** Opening EXTRACTED ENTRIES block **
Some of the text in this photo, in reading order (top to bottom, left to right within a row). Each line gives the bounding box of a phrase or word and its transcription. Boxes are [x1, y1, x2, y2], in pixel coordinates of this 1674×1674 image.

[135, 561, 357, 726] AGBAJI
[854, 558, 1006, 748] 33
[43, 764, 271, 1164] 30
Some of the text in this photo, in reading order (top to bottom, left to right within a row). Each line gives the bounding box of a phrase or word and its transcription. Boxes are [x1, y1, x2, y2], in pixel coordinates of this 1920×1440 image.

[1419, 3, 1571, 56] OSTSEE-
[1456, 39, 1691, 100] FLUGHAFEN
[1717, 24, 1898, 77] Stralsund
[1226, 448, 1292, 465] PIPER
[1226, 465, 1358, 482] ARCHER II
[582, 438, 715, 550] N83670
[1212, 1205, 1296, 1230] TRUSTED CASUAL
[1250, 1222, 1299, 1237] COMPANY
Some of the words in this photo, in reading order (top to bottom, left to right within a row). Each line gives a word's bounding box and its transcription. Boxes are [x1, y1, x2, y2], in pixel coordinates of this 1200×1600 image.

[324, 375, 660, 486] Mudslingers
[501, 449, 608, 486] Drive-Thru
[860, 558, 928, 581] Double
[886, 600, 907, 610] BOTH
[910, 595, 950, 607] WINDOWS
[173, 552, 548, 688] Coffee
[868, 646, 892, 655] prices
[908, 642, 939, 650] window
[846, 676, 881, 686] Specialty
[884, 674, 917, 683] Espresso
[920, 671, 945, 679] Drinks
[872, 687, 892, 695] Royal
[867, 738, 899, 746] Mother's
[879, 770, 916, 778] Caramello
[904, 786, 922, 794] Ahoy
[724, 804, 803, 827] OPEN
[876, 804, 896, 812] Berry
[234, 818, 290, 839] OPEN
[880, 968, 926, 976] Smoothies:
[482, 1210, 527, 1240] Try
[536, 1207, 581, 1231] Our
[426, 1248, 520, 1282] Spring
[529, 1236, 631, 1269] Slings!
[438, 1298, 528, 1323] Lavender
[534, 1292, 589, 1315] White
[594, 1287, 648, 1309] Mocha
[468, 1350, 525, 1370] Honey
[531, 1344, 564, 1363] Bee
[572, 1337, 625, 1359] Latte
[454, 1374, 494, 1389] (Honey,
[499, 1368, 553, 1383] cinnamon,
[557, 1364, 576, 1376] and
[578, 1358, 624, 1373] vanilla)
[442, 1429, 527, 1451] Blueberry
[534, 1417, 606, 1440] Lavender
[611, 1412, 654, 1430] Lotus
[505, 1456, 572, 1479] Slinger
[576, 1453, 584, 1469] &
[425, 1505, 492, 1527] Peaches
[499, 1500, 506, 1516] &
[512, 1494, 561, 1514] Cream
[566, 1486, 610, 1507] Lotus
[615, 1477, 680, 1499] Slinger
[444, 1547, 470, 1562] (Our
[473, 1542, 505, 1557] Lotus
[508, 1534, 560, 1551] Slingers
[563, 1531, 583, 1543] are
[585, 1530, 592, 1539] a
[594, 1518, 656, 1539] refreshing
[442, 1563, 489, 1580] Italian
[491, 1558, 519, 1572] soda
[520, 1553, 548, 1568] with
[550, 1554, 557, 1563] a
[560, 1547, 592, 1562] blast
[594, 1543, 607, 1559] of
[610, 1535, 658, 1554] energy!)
** Closing EXTRACTED ENTRIES block **
» **THE TASK**:
When you answer, repeat every record exactly, omitting nothing.

» **SOLUTION FOR THIS EXERCISE**:
Some of the text in this photo, in reading order (top to bottom, left to right within a row). Each line gives the bounding box of a phrase or word and its transcription. Boxes are [x1, y1, x2, y2], in pixel coordinates of this 1674×1674 image.

[135, 561, 357, 726] AGBAJI
[854, 558, 1006, 748] 33
[43, 764, 271, 1164] 30
Some of the text in this photo, in reading order (top to bottom, left to right within a row). Each line gives the bounding box of a phrase or word and its transcription. Boxes are [x1, y1, x2, y2], in pixel coordinates of this 1920×1440 image.

[1419, 3, 1571, 56] OSTSEE-
[1456, 39, 1691, 100] FLUGHAFEN
[1717, 24, 1898, 77] Stralsund
[1226, 448, 1292, 465] PIPER
[1226, 465, 1358, 482] ARCHER II
[582, 438, 715, 550] N83670
[1212, 1205, 1296, 1230] TRUSTED CASUAL
[1250, 1222, 1299, 1237] COMPANY
Some of the words in this photo, in reading order (top to bottom, left to right within a row). Each line gives a word's bounding box and its transcription. Boxes are [x1, y1, x2, y2], in pixel coordinates of this 1200×1600 image.

[324, 375, 660, 486] Mudslingers
[501, 449, 608, 486] Drive-Thru
[860, 558, 928, 581] Double
[886, 600, 907, 610] BOTH
[910, 595, 950, 607] WINDOWS
[173, 552, 548, 688] Coffee
[868, 646, 892, 655] prices
[908, 642, 939, 650] window
[846, 676, 881, 686] Specialty
[884, 674, 917, 683] Espresso
[920, 671, 945, 679] Drinks
[872, 687, 892, 695] Royal
[867, 738, 899, 746] Mother's
[879, 770, 916, 778] Caramello
[904, 786, 922, 794] Ahoy
[724, 804, 803, 827] OPEN
[876, 804, 896, 812] Berry
[234, 818, 290, 839] OPEN
[880, 968, 926, 976] Smoothies:
[482, 1210, 527, 1240] Try
[536, 1207, 581, 1231] Our
[426, 1248, 520, 1282] Spring
[529, 1236, 631, 1269] Slings!
[438, 1298, 528, 1323] Lavender
[534, 1292, 589, 1315] White
[594, 1287, 648, 1309] Mocha
[468, 1350, 525, 1370] Honey
[531, 1344, 564, 1363] Bee
[572, 1337, 625, 1359] Latte
[454, 1374, 494, 1389] (Honey,
[499, 1368, 553, 1383] cinnamon,
[557, 1364, 576, 1376] and
[578, 1358, 624, 1373] vanilla)
[442, 1429, 527, 1451] Blueberry
[534, 1417, 606, 1440] Lavender
[611, 1412, 654, 1430] Lotus
[505, 1456, 572, 1479] Slinger
[576, 1453, 584, 1469] &
[425, 1505, 492, 1527] Peaches
[499, 1500, 506, 1516] &
[512, 1494, 561, 1514] Cream
[566, 1486, 610, 1507] Lotus
[615, 1477, 680, 1499] Slinger
[444, 1547, 470, 1562] (Our
[473, 1542, 505, 1557] Lotus
[508, 1534, 560, 1551] Slingers
[563, 1531, 583, 1543] are
[585, 1530, 592, 1539] a
[594, 1518, 656, 1539] refreshing
[442, 1563, 489, 1580] Italian
[491, 1558, 519, 1572] soda
[520, 1553, 548, 1568] with
[550, 1554, 557, 1563] a
[560, 1547, 592, 1562] blast
[594, 1543, 607, 1559] of
[610, 1535, 658, 1554] energy!)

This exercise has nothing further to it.